My rating: 3.6 of 5 stars
*I received a digital copy of this book from the author in exchange for an honest review*
‘He was the assassin running for his life and she was the blind refuge who gave him reason to stop and fight for theirs’
Lie to me and say you’re not intrigued by the line above to read this book.
(me: I was seriously hooked like a kid to a fluffy dog the moment I read it)
Now tell me the first thing comes to your mind about this book by reading that very line.
(me: Romance. Umm… romance, a bit action maybe for the assassin part, drama and tears for the effect, but basically sweet sweet romance with a happy ending right?)
Let me get it straight. This book is indeed such a hooker but sorry dude, you’ll definitely get your heart ripped out and tossed out to a waste basket nearby in the end you won’t even say a word about that…
I’m not trying to scare anyone here but it’s actually what I really feel once I finished this book. I’m not saying I regret reading this book because seriously I do love every sweet scene between the main characters here but I just feel like I’ve been deceived somehow in the end. It’s like when you buy a pack of very tasty cookie with low-fat sticker on the front package. You enjoy the chocolate chip so much all sweet and heavenly that you basically consume the entire package on your own only to find a note in the bottom of the pack saying the low-fat sticker is an April’s Fool joke and the cookie is actually a really high fat kind. You still feel the sweet taste of the cookie in your tongue but you feel like crying imagining all the fat happily flowing inside your body. Real bittersweet.

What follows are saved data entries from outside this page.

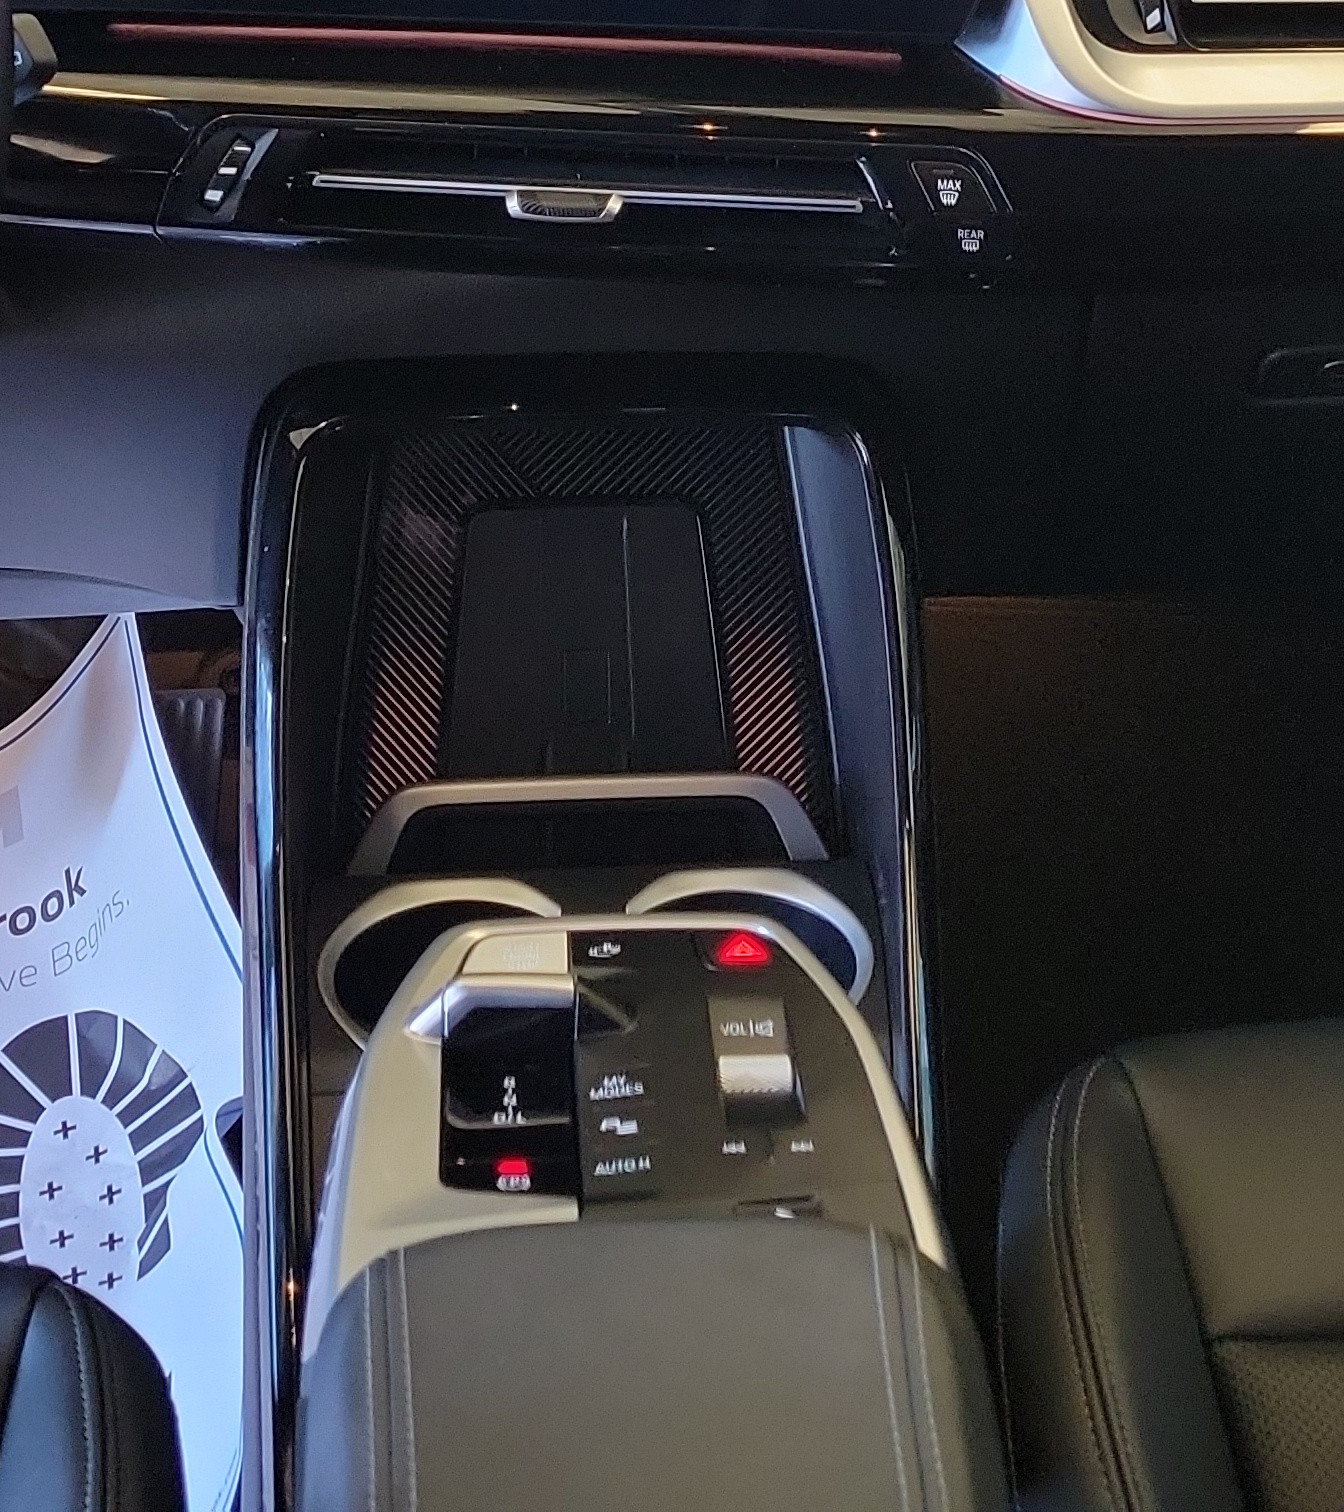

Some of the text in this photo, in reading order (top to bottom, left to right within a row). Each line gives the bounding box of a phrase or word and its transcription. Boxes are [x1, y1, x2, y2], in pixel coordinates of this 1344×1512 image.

[937, 178, 962, 192] MAX
[957, 228, 985, 241] REAR
[50, 889, 131, 978] Begins.
[719, 1021, 748, 1037] VOL
[593, 1157, 637, 1177] AUTO

Eric Tanner was 18 years when he first met Anne Mullen. She stood by the side of the street facing the court where he and his friends played basketball. Maybe it was the way she looked so beautiful with the wind played with her hair. Maybe it was the way she seemed so out of place with the plain surrounding as her background. But the moment he laid his eyes on her, Eric felt something nudged inside him. He knew he was being silly because he got a sudden urge to protect the stranger girl. When he saved her from a bunch of boys trying to make fun of her, only then he realized Anne was a blind girl. But she was a beautiful blind girl with deep green eyes that makes him want to jump into the depth and never coming back. When Anne ‘saw’ him in her own way by feeling the curves of his face with her soft fingers, that’s when Eric finally realized he was already drowned so deep.
15 years had passed but never once Eric forgot the way Anne mesmerized him that one afternoon. He felt so much regret creeping up his sleeves remembering how he used to walk her from her tutor’s building every day for months but never once tried to strike a conversation with her. He just simply followed her down the path in silence until one day Anne stopped coming, leaving him with a real silence in that empty road.

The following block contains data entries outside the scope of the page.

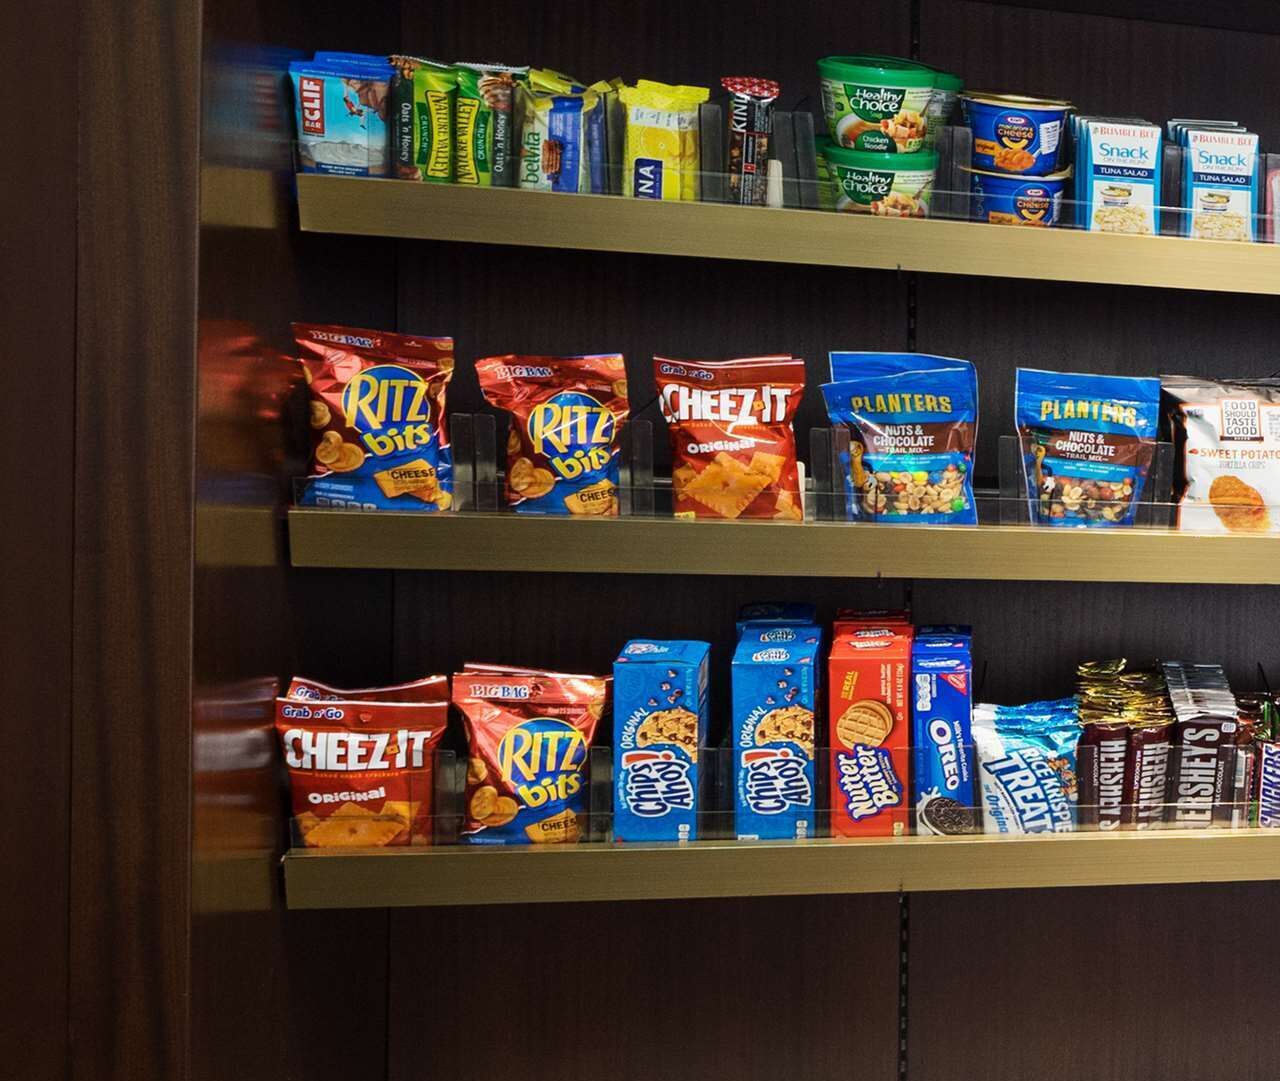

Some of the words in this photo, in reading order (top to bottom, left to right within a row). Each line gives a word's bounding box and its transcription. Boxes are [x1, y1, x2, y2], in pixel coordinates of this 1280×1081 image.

[303, 79, 321, 121] CLIF
[850, 98, 899, 113] Choice
[856, 88, 902, 105] Healthy
[401, 103, 412, 122] Oats
[431, 94, 448, 136] NATURE
[458, 100, 476, 138] VALLEY
[496, 113, 506, 140] Honey
[400, 135, 412, 162] Honey
[863, 135, 889, 143] Chicken
[431, 137, 448, 175] VALLEY
[458, 139, 475, 180] NATURE
[521, 131, 540, 184] belvita
[1100, 142, 1149, 159] Snack
[1199, 150, 1247, 166] Snack
[495, 152, 505, 172] Oats
[1100, 166, 1122, 175] TUNA
[1123, 168, 1148, 177] SALAD
[842, 180, 888, 194] Choice
[846, 171, 891, 186] Healthy
[1200, 174, 1221, 182] TUNA
[1222, 176, 1246, 184] SALAD
[495, 366, 524, 379] BIG
[526, 367, 552, 377] BAG
[660, 363, 686, 377] Grab
[697, 370, 714, 381] Go
[345, 374, 429, 430] RITZ
[852, 393, 952, 413] PLANTERS
[1224, 400, 1256, 410] FOOD
[1040, 400, 1136, 426] PLANTERS
[1226, 417, 1256, 426] TASTE
[534, 402, 612, 454] RITZ
[884, 424, 913, 436] NUTS
[914, 425, 924, 436] &
[1069, 431, 1096, 443] NUTS
[1096, 433, 1105, 444] &
[1226, 426, 1257, 436] GOOD
[362, 423, 433, 456] bits
[873, 435, 934, 447] CHOCOLATE
[1055, 440, 1116, 456] CHOCOLATE
[1201, 447, 1238, 458] SWEET
[391, 467, 435, 480] CHEESE
[552, 450, 611, 481] bits
[470, 684, 499, 697] BIG
[501, 686, 529, 698] BAG
[282, 705, 310, 718] Grab
[324, 709, 343, 720] Go
[621, 707, 650, 749] ORIGINAL
[740, 705, 768, 748] ORIGINAL
[501, 728, 587, 784] RITZ
[930, 719, 960, 790] OREO
[838, 753, 875, 819] Nutter
[857, 745, 899, 807] Butter
[518, 772, 582, 808] bits
[628, 763, 668, 816] Chips
[747, 761, 787, 814] Chips
[983, 751, 1053, 832] TREAT
[1021, 747, 1056, 777] RICE
[1041, 777, 1073, 832] KRISPIE
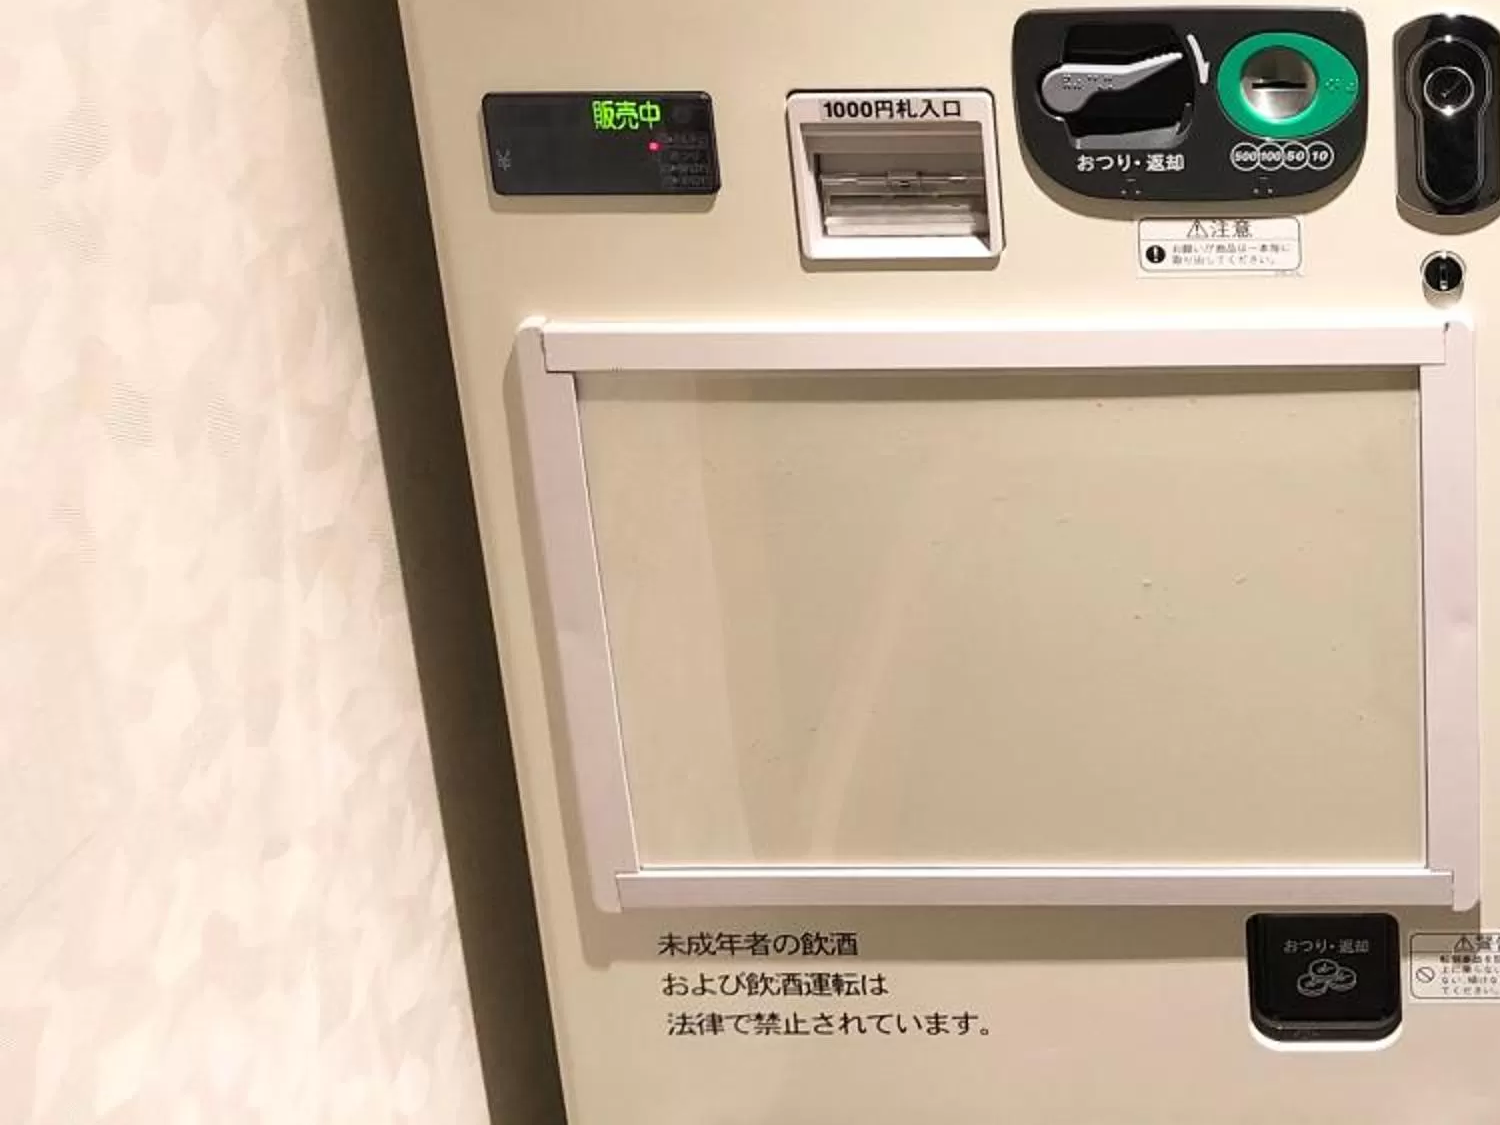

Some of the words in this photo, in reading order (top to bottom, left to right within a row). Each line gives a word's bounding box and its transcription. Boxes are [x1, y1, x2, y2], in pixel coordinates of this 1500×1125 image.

Fate worked in a mysterious way in everyone’s life. It brought Eric to a dark path where he now worked as an assassin. It brought Anne to a nice path where she finally got to lead her own life independently. But it’s funny how fate also even made two very different paths come across each other at one point. When Eric finally met Anne again, the old feeling locked inside his heart bloomed all over again. He was so desperate to be able to get close to her again. But life was different now and it surely wasn’t as simple as it was years ago. Anne finally got everything she wanted and him coming to her life would be a real nuisance and even danger for her. He didn’t want it for her but he sure as hell wanted her. His feeling would cost the safety of hers and even him. Now, there was nothing left except for him to protect her with all his might even though it might mean sacrificing his life.

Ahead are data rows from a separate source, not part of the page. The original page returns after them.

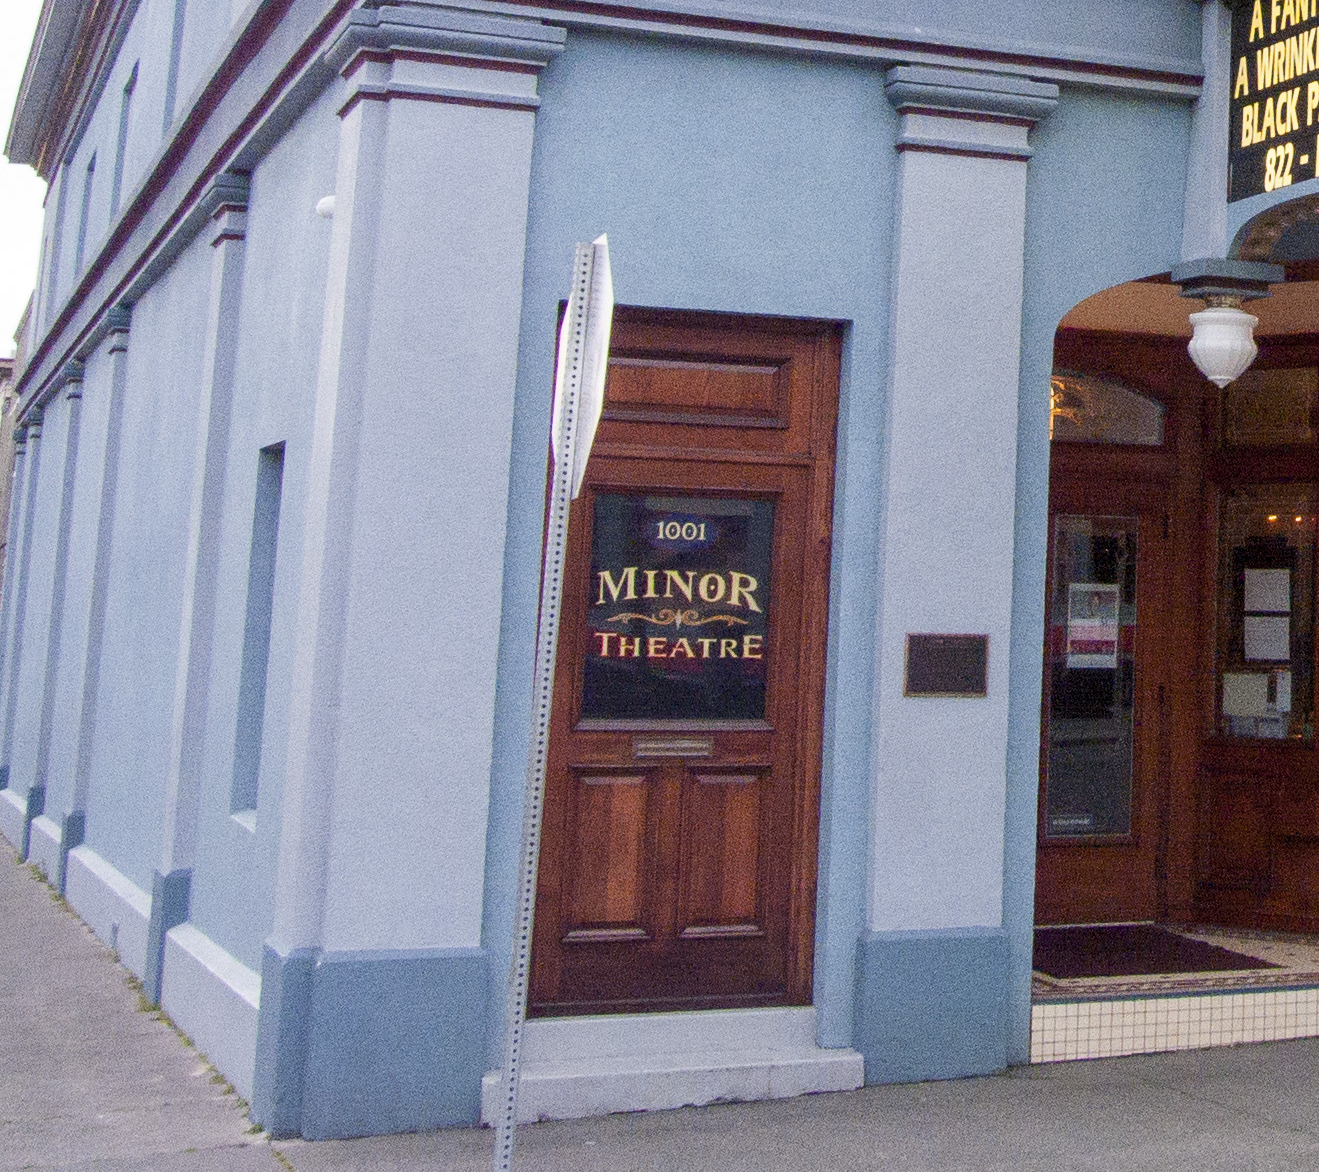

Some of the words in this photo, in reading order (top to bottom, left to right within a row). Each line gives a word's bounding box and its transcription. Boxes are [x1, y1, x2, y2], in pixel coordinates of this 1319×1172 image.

[1249, 0, 1264, 43] A
[1233, 56, 1249, 100] A
[1241, 86, 1301, 148] BLACK
[1264, 142, 1294, 192] 822
[656, 521, 706, 540] 1001
[596, 566, 763, 614] MINOR
[594, 632, 763, 659] THEATRE

A Jar of Dreams was told from third person point of view. It started with a scene of first encounter between Anne and Eric. Anne was a blind girl while Eric was a parentless boy. Both of them wanted to be less dependent on people around them. Their first meeting was so innocent yet memorable. And when they meet again years later, their encounter was still the same innocent way and slowly but steadily their relationship shifted into a deep chemistry. Anne had no idea that Eric was the same person who had saved her 15 years ago near the basketball court. Yet her feeling grew for Eric the same way it did for the savior boy she met at 18. I’m such a sucker for second-chance romance. And this book gave me exactly that. I loved how the romance built up between Anne and Eric. There were a lot of sweet moments between them that makes me can’t stop smiling.
I liked Eric’s character. He might have been spending a lot of years of his life as a sinner, but his feeling for Anne remained innocent. Even though he was kind of sneaky at first but he knew his limit and respected Anne in his own way. As for Anne, she was a cheerful, independent, yet vulnerable person. I felt like at some points, she acted much younger than her age such as when she was around Eric. But somehow I understood because Anne almost had no experience with men before. When they were together, they really made a sweet and touching couple.
Meanwhile, there was something that bothered me about the plot. As book told in third person point of view, I understand that this book might contain a lot of different scenes from several sets. But what I don’t understand was this book included a lot of scenes about the villain that I personally think were not quite necessary to be put into the story. There were several scenes showing the villain did some filthy thing that I sure as hell don’t want to know. If it’s for character development, surely there was another way to put it into. Personally, I thought that that kind of scenes flawed the poignant story of the main characters.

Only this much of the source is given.